Page 7 of The Villain’s Fatal Plot (Gravesyde Village Mystery #1)
SEVEN: PAUL
With the sunlight from the ancient stained-glass windows illuminating his congregation, Paul studied their faces from his pulpit. The tiny chapel couldn’t hold all the manor inhabitants. Over the summer, he’d built as many pews as he could with wood ripped from old barns and sheds. Some of his regulars from the village had hauled in ragged sofas and splintery benches. And still, the little chapel overflowed this fine September morning, spilling into the churchyard.
A real-life drama attracted as much of an audience as any theatrical production.
He made mental notes of who attended. Miss Edgerton must have known her killer. He hated thinking that person was among his congregation, but the village was still very, very small.

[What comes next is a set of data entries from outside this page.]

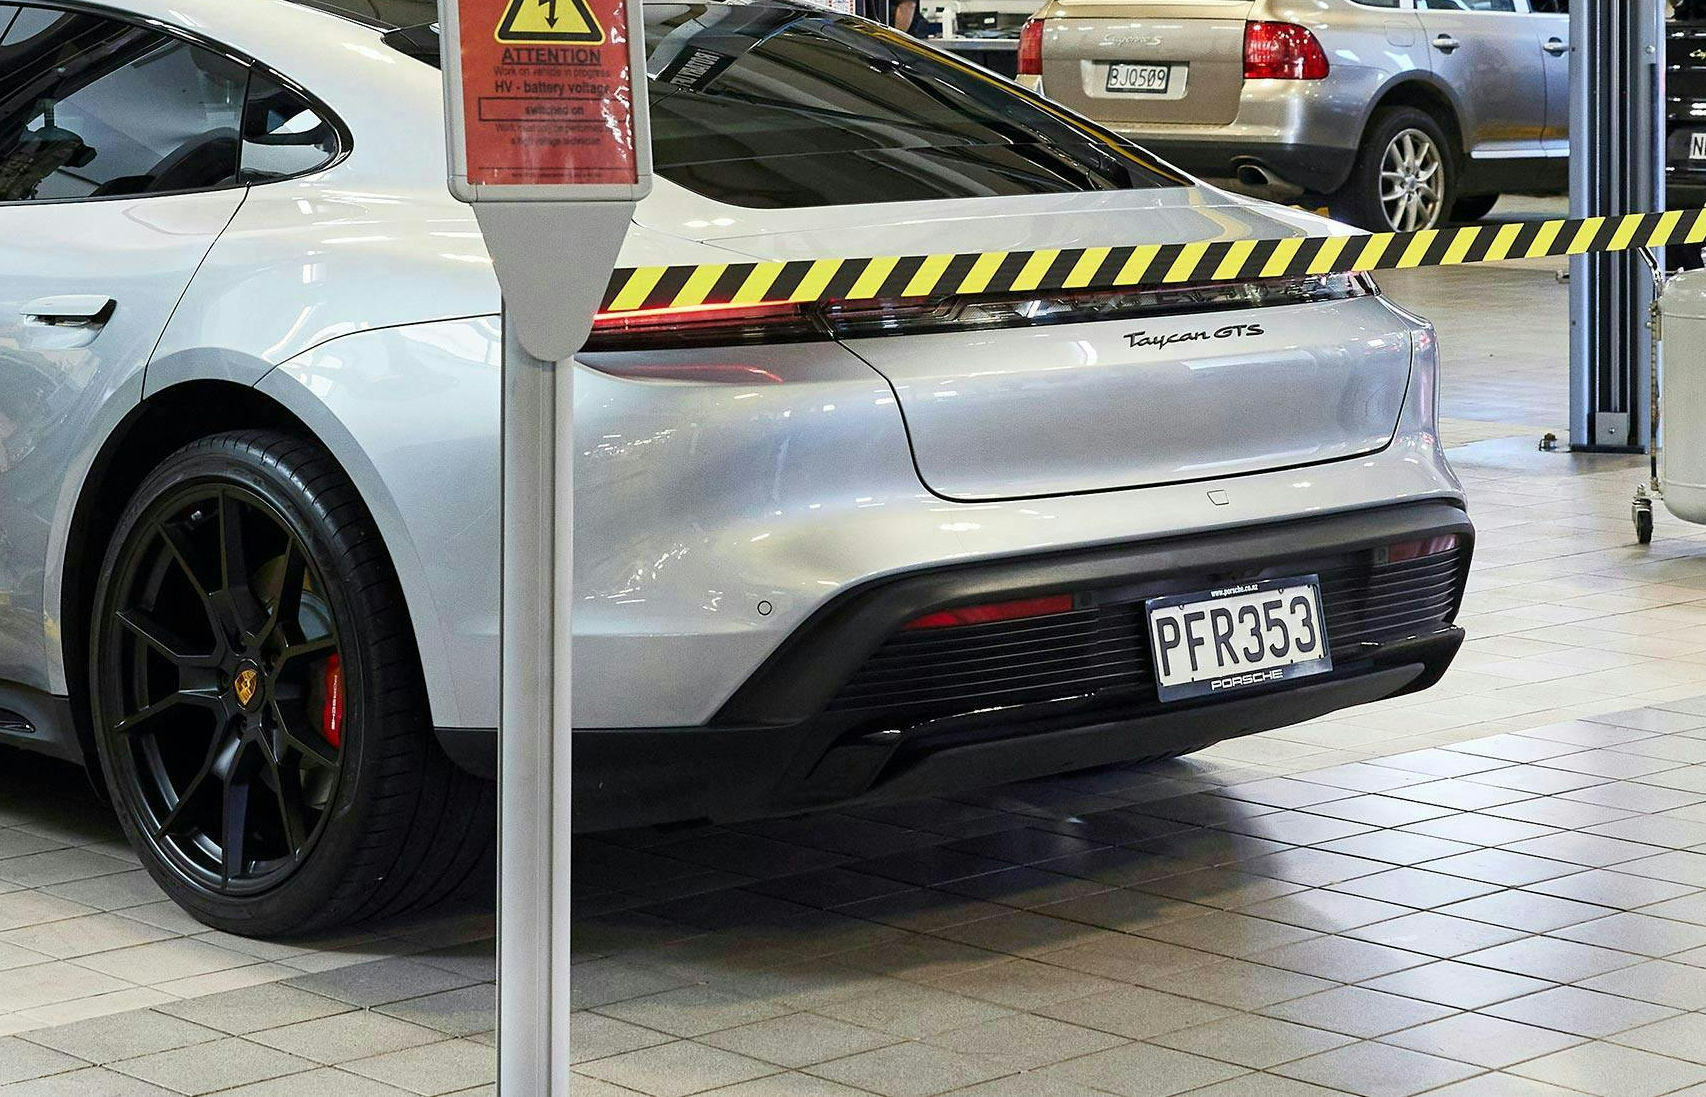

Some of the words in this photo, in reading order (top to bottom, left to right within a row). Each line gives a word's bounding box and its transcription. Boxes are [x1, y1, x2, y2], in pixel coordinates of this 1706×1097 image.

[501, 47, 601, 64] ATTENTION
[1109, 67, 1166, 88] BJQ509
[495, 80, 512, 93] HV
[524, 81, 564, 96] battery
[525, 106, 568, 115] switched
[572, 107, 585, 115] on
[1123, 330, 1210, 350] Taycan
[1213, 323, 1265, 339] GTS
[1210, 583, 1259, 598] www.porsche.co.nz
[1155, 595, 1316, 677] PFR353
[1211, 668, 1284, 691] PORSCHE

The majority of his parishioners had remained for the funeral service. Everyone had known Miss Edgerton. She’d taught children their letters and numbers, apparently dispensed herbals upon request, and gladly contributed what she could to the chapel now that it was functional again.
The ladies from the manor faithfully attended, so their appearance was no surprise. But with a potential killer on the loose, the manor’s men had accompanied the ladies, as they often didn’t. Paul wanted to believe the killer was an outsider.
He thought the stately couple squeezed in beside the manor folk might be the Prescotts, dealers interested in buying some of the former priory’s medieval furniture. They remained seated for Miss Edgerton’s service. Why would they attend a funeral? Certainly not for the pageantry.
Several of the men visiting the manor had attended Sunday services, also, but were now departing before the funeral. Paul recognized the banker’s assistant, a Mr. Smith, who had brought a Mr. Sullivan to look at village properties. Surely, they had not known a local herbalist.
The hired help from the orchard, along with several workers rebuilding the manor’s tower, generally didn’t attend but were here now. Curiosity seekers, no doubt.
He’d been introduced to the Blackwells, father and son, who were restoring the tower to some of its former glory. Had the teacher talked to them about repairs?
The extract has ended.